──────── Material for this task ────────

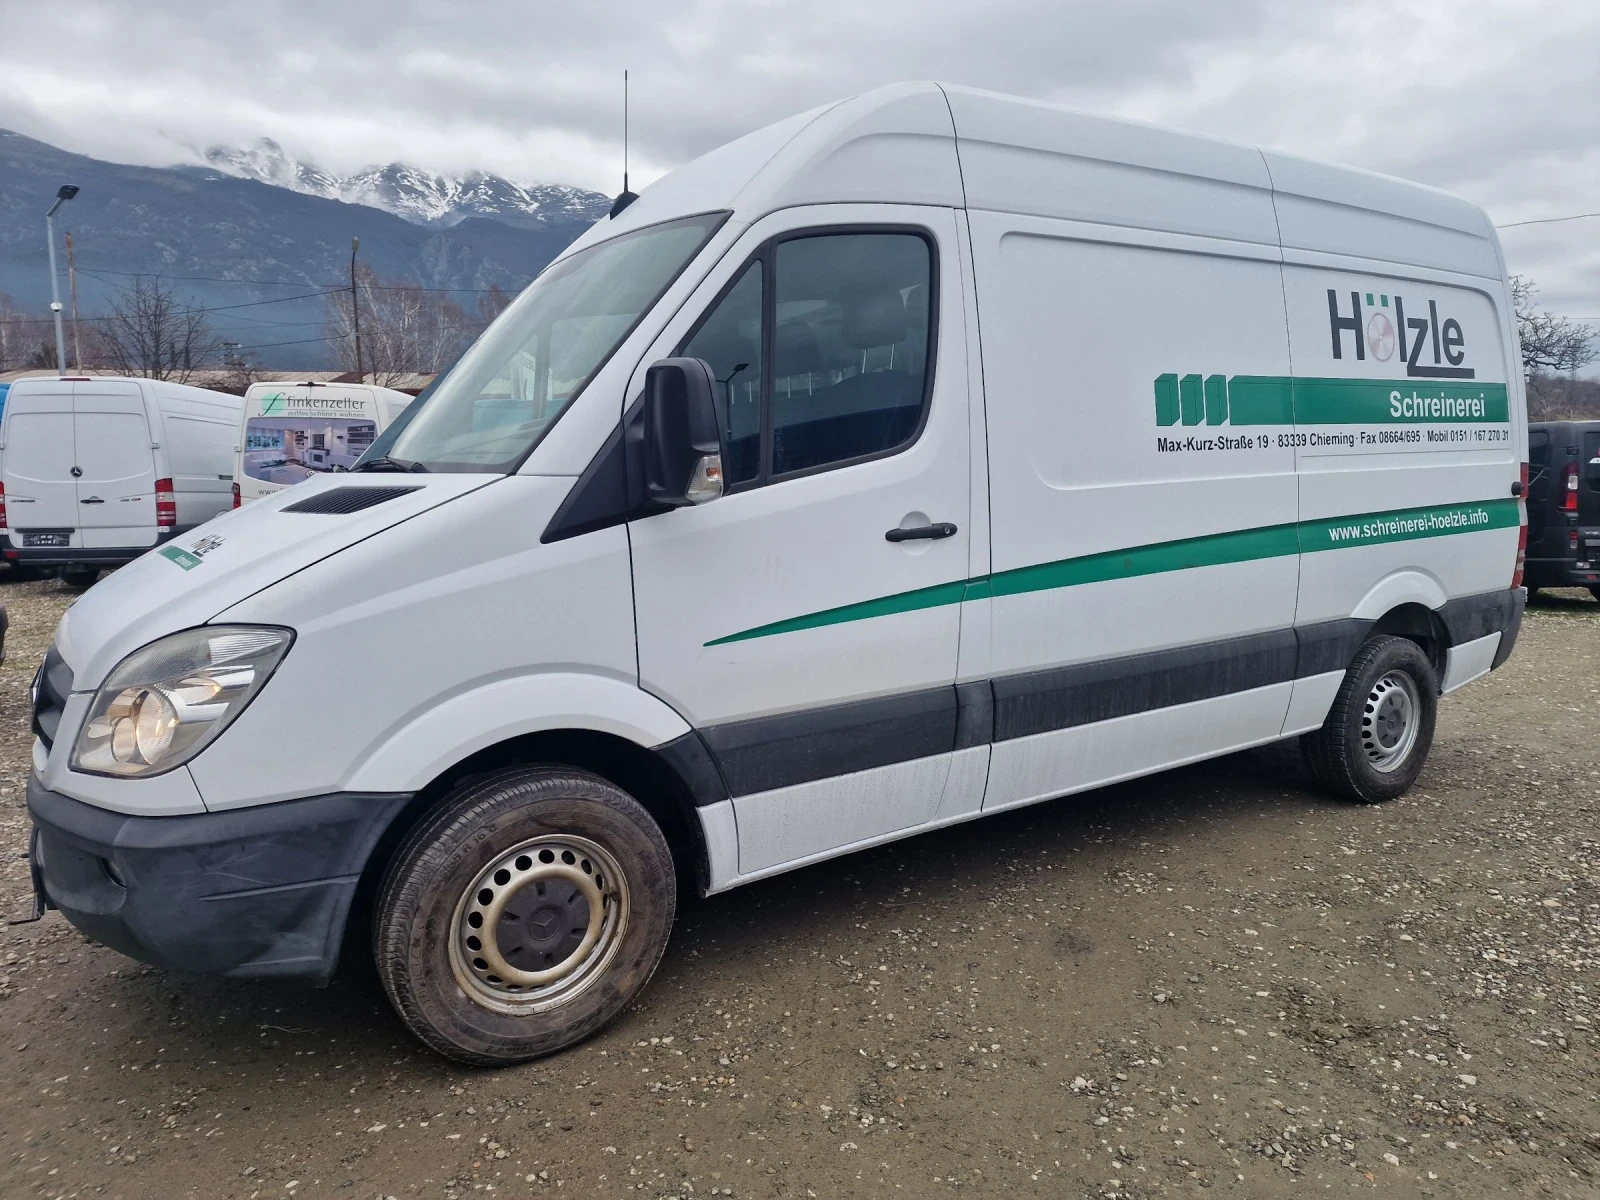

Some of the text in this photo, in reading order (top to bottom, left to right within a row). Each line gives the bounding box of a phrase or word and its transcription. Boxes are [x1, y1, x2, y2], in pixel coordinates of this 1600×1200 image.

[287, 396, 365, 409] finkenzeller
[1390, 390, 1485, 417] Schreinerei
[1157, 436, 1253, 452] Max-Kurz-Straße
[1257, 435, 1269, 448] 19
[1278, 432, 1307, 447] 83339
[1310, 430, 1354, 447] Chieming
[1360, 432, 1377, 444] Fax
[1379, 430, 1421, 443] 08664/695
[1427, 430, 1449, 442] Mobil
[1450, 430, 1468, 441] 0151
[1474, 430, 1486, 441] 167
[1488, 430, 1500, 441] 270
[1502, 430, 1509, 441] 31
[1329, 509, 1489, 541] www.schreinerei-hoelzle.info
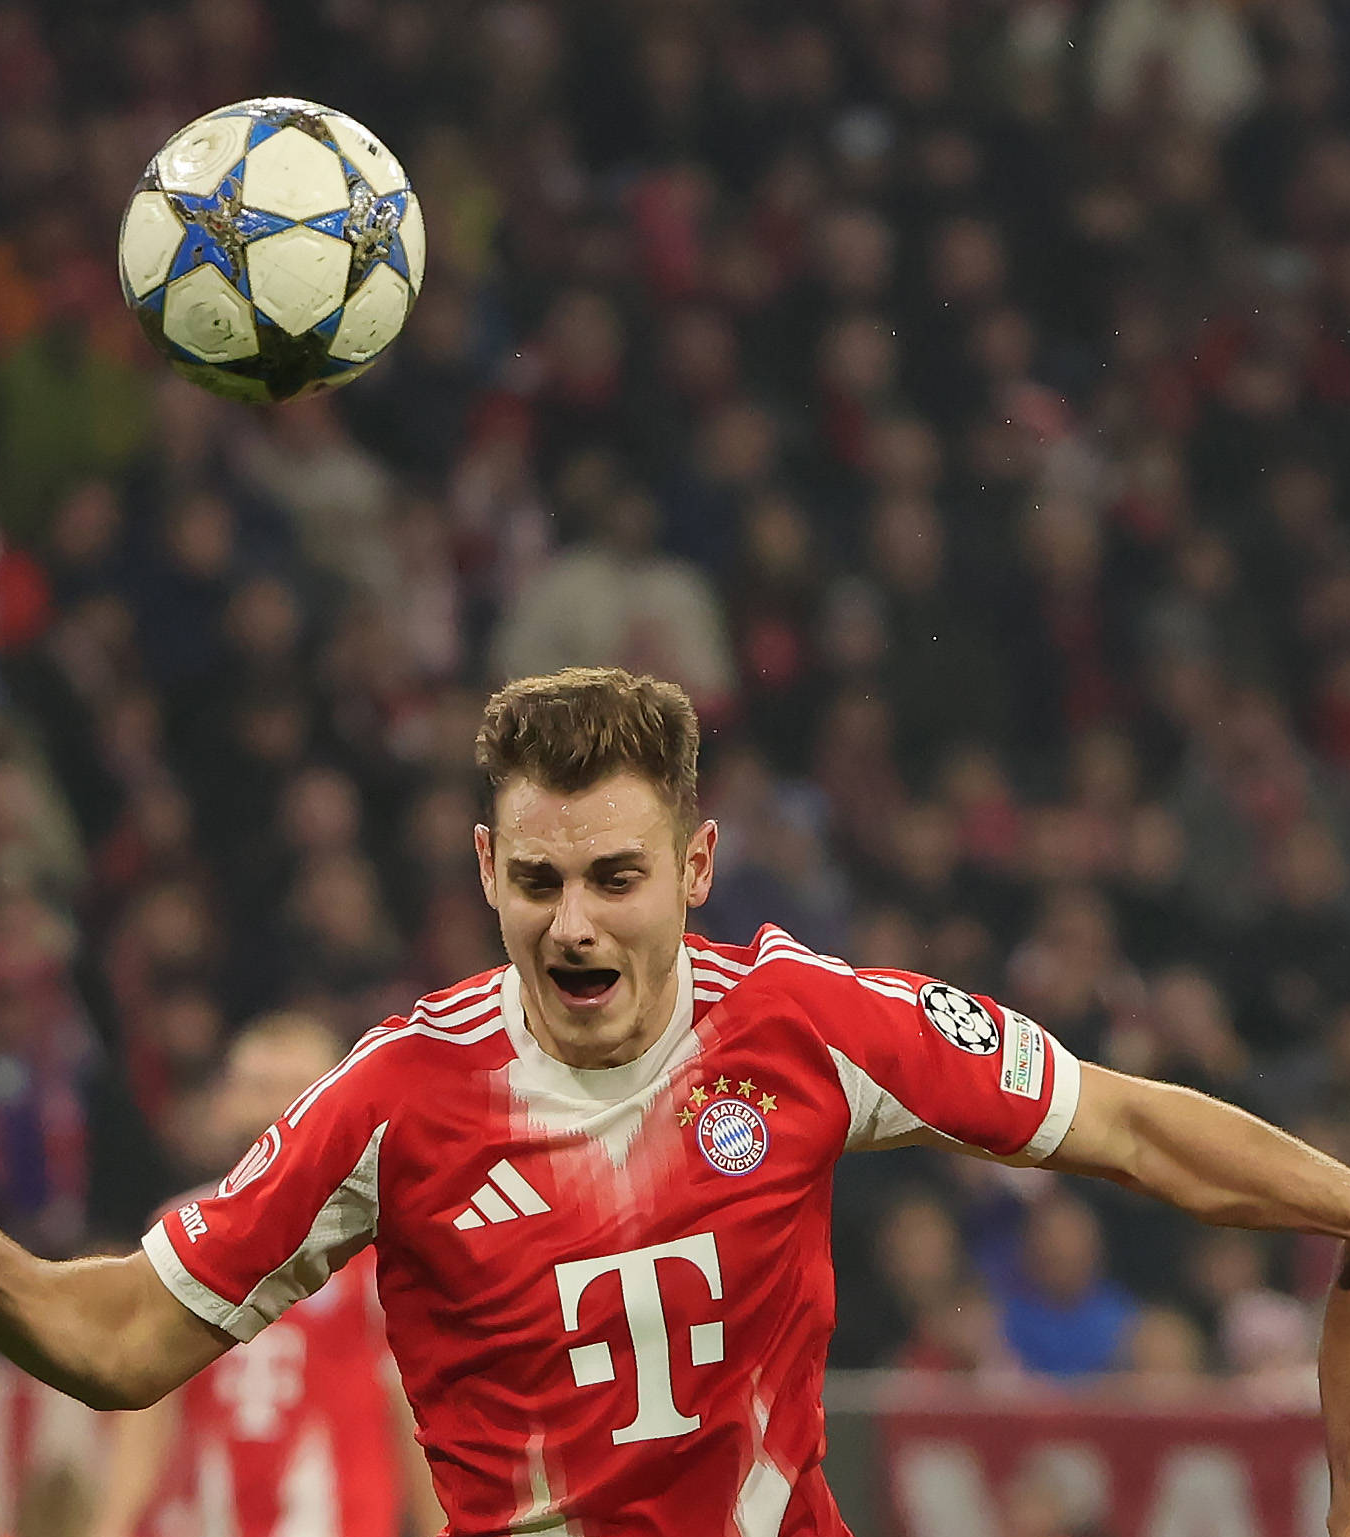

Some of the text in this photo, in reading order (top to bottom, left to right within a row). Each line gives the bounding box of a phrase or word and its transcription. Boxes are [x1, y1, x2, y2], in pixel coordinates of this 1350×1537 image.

[702, 1104, 759, 1136] FC BAYERN
[554, 1231, 725, 1446] T
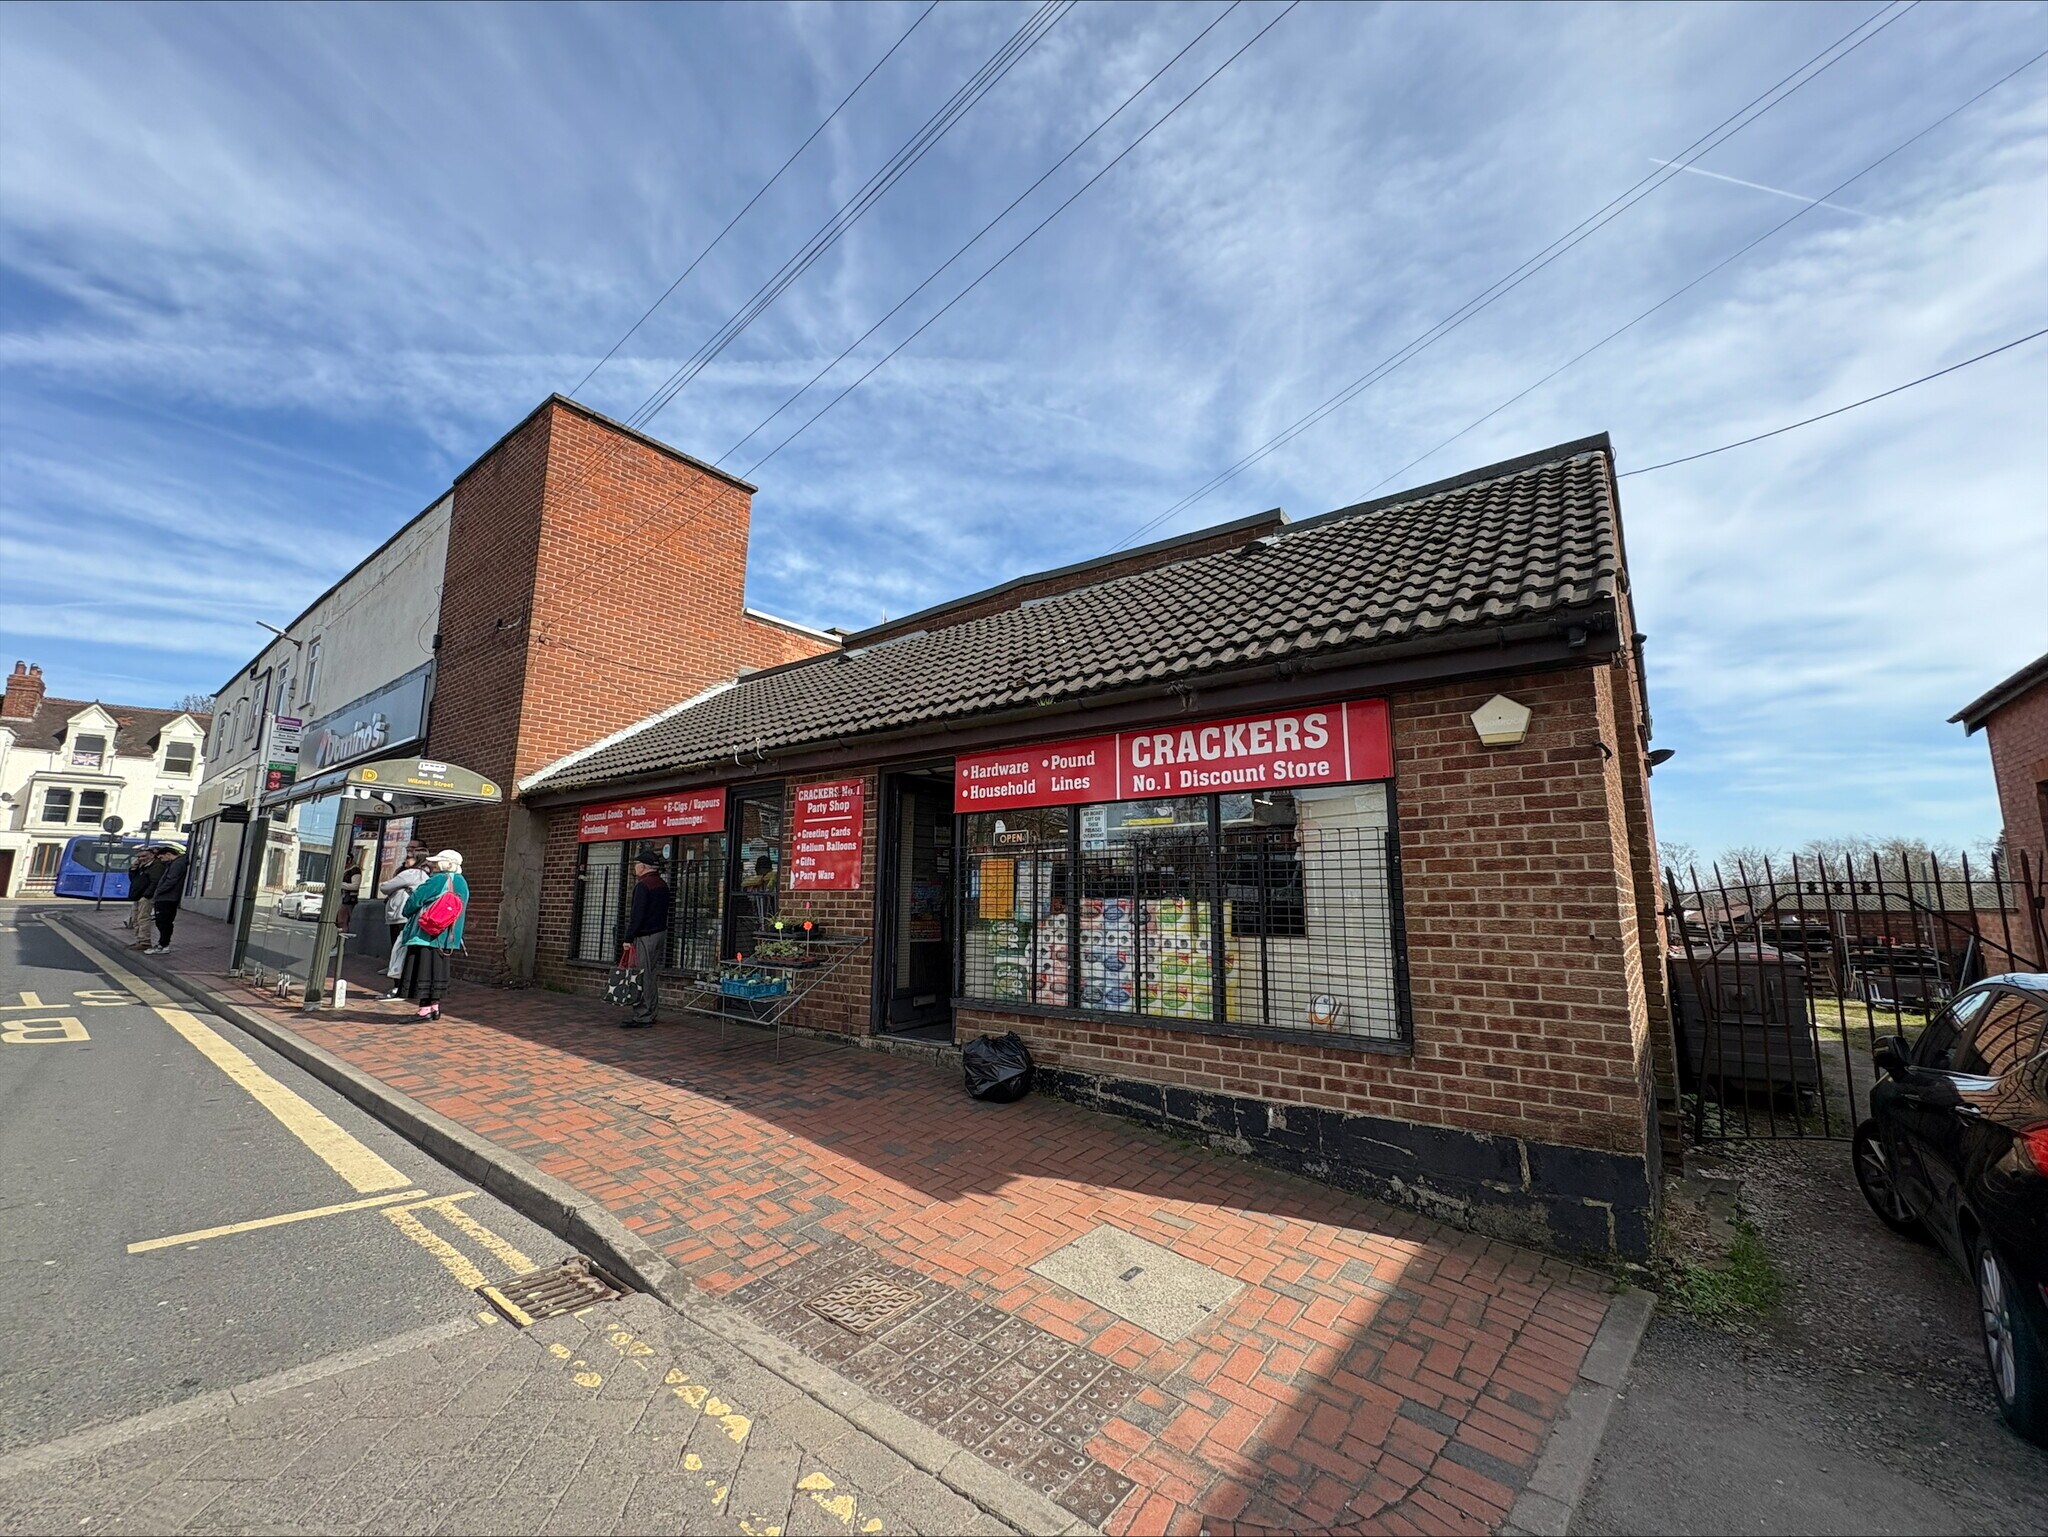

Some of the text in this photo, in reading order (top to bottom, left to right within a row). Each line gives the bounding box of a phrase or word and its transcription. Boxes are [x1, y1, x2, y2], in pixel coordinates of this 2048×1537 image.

[324, 713, 386, 766] Domino's
[1131, 713, 1329, 768] CRACKERS
[970, 750, 1095, 779] Hardware Pound
[1179, 763, 1266, 789] Discount
[1273, 759, 1330, 780] Store
[407, 777, 454, 789] Wilmot Street
[970, 774, 1090, 800] Household Lines
[798, 786, 839, 801] CRACKERS
[630, 806, 646, 817] Tools
[667, 801, 688, 813] E-Cigs
[693, 798, 720, 811] Vapours
[807, 800, 850, 815] Party Shop
[585, 809, 623, 822] Seasonal Goods
[584, 824, 608, 835] Gardening
[630, 818, 657, 830] Electrical
[801, 826, 851, 840] Greeting Cards
[1000, 833, 1023, 844] OPEN
[800, 841, 857, 853] Helium Balloons
[800, 856, 816, 867] Gifts
[799, 870, 835, 882] Party Ware

────────

#### What is being asked
Your task is to set down the records shown above exactly, minus any pictures.

#### Response below
Some of the text in this photo, in reading order (top to bottom, left to right within a row). Each line gives the bounding box of a phrase or word and its transcription. Boxes are [x1, y1, x2, y2], in pixel coordinates of this 1600×1200 image.

[287, 396, 365, 409] finkenzeller
[1390, 390, 1485, 417] Schreinerei
[1157, 436, 1253, 452] Max-Kurz-Straße
[1257, 435, 1269, 448] 19
[1278, 432, 1307, 447] 83339
[1310, 430, 1354, 447] Chieming
[1360, 432, 1377, 444] Fax
[1379, 430, 1421, 443] 08664/695
[1427, 430, 1449, 442] Mobil
[1450, 430, 1468, 441] 0151
[1474, 430, 1486, 441] 167
[1488, 430, 1500, 441] 270
[1502, 430, 1509, 441] 31
[1329, 509, 1489, 541] www.schreinerei-hoelzle.info

Some of the text in this photo, in reading order (top to bottom, left to right within a row). Each line gives the bounding box of a phrase or word and its transcription. Boxes are [x1, y1, x2, y2], in pixel coordinates of this 1350×1537 image.

[702, 1104, 759, 1136] FC BAYERN
[554, 1231, 725, 1446] T

Some of the text in this photo, in reading order (top to bottom, left to right within a row). Each line gives the bounding box of a phrase or word and its transcription. Boxes are [x1, y1, x2, y2], in pixel coordinates of this 2048×1537 image.

[324, 713, 386, 766] Domino's
[1131, 713, 1329, 768] CRACKERS
[970, 750, 1095, 779] Hardware Pound
[1179, 763, 1266, 789] Discount
[1273, 759, 1330, 780] Store
[407, 777, 454, 789] Wilmot Street
[970, 774, 1090, 800] Household Lines
[798, 786, 839, 801] CRACKERS
[630, 806, 646, 817] Tools
[667, 801, 688, 813] E-Cigs
[693, 798, 720, 811] Vapours
[807, 800, 850, 815] Party Shop
[585, 809, 623, 822] Seasonal Goods
[584, 824, 608, 835] Gardening
[630, 818, 657, 830] Electrical
[801, 826, 851, 840] Greeting Cards
[1000, 833, 1023, 844] OPEN
[800, 841, 857, 853] Helium Balloons
[800, 856, 816, 867] Gifts
[799, 870, 835, 882] Party Ware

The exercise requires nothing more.